The severity and appearance of the winged scapula varies by individuals as well as the muscles and/or nerves that were affected.[2][3] Pain is not seen in every case. In a study of 13 individuals with facioscapulohumeral muscular dystrophy (FSHD), none of the individuals complained of pain. Fatigue, however, was a common characteristic and all had noted that there were limitations in their activities of daily life.[3]

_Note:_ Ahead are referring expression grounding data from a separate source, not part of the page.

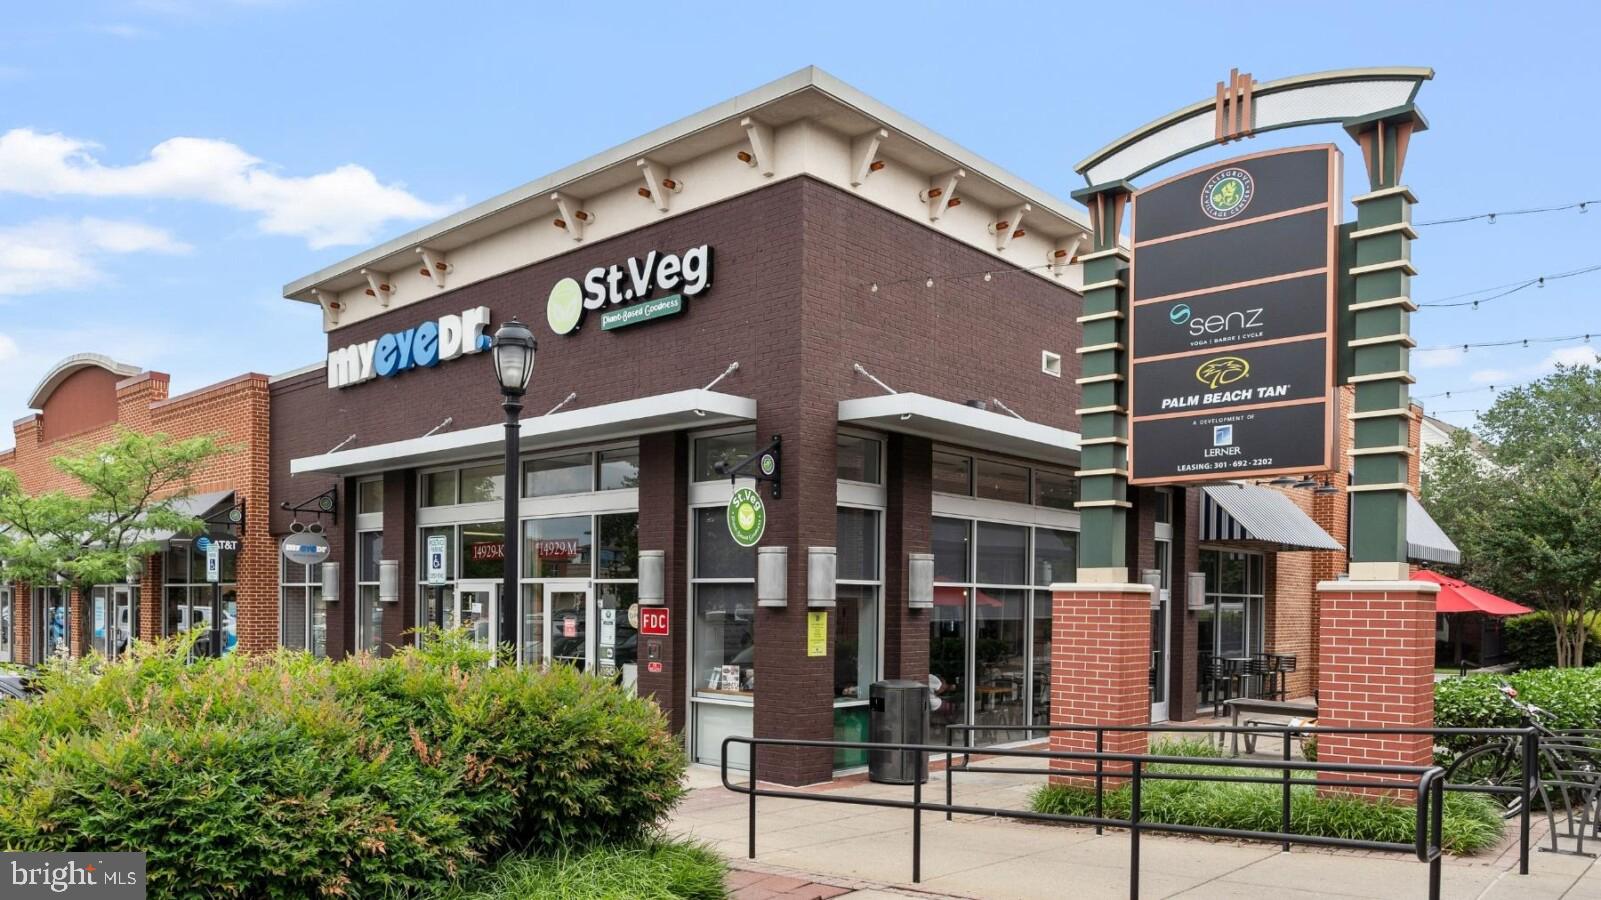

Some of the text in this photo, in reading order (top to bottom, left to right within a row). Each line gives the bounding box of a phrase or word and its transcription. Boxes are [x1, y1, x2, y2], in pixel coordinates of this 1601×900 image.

[583, 244, 709, 310] St.Veg
[644, 299, 679, 316] Goodness
[1189, 308, 1264, 336] senz
[1214, 335, 1236, 343] BARRE
[1242, 331, 1264, 339] CYCLE
[1161, 395, 1200, 409] PALM
[1203, 389, 1253, 404] BEACH
[1199, 415, 1244, 425] DEVELOPMENT
[1204, 446, 1242, 458] LERNER
[1177, 462, 1213, 472] LEASING:
[473, 544, 504, 559] 14929-K
[643, 614, 666, 629] FDC

In most cases of winged scapula, damage to the serratus anterior muscle causes the deformation of the back. The serratus anterior muscle attaches to the medial anterior aspect of the scapula (i.e. it attaches on the side closest to the spine and runs along the side of the scapula that faces the ribcage) and normally anchors the scapula against the rib cage. When the serratus anterior contracts, upward rotation, abduction, and weak elevation of the scapula occurs, allowing the arm to be raised above the head.[4] The long thoracic nerve innervates the serratus anterior; therefore, damage to or impingement of this nerve can result in weakening or paralysis of the muscle.[5] If this occurs, the scapula may slip away from the rib cage, giving it the wing-like appearance on the upper back. This characteristic may particularly be seen when the affected person pushes against resistance. The person may also have limited ability to lift their arm above their head.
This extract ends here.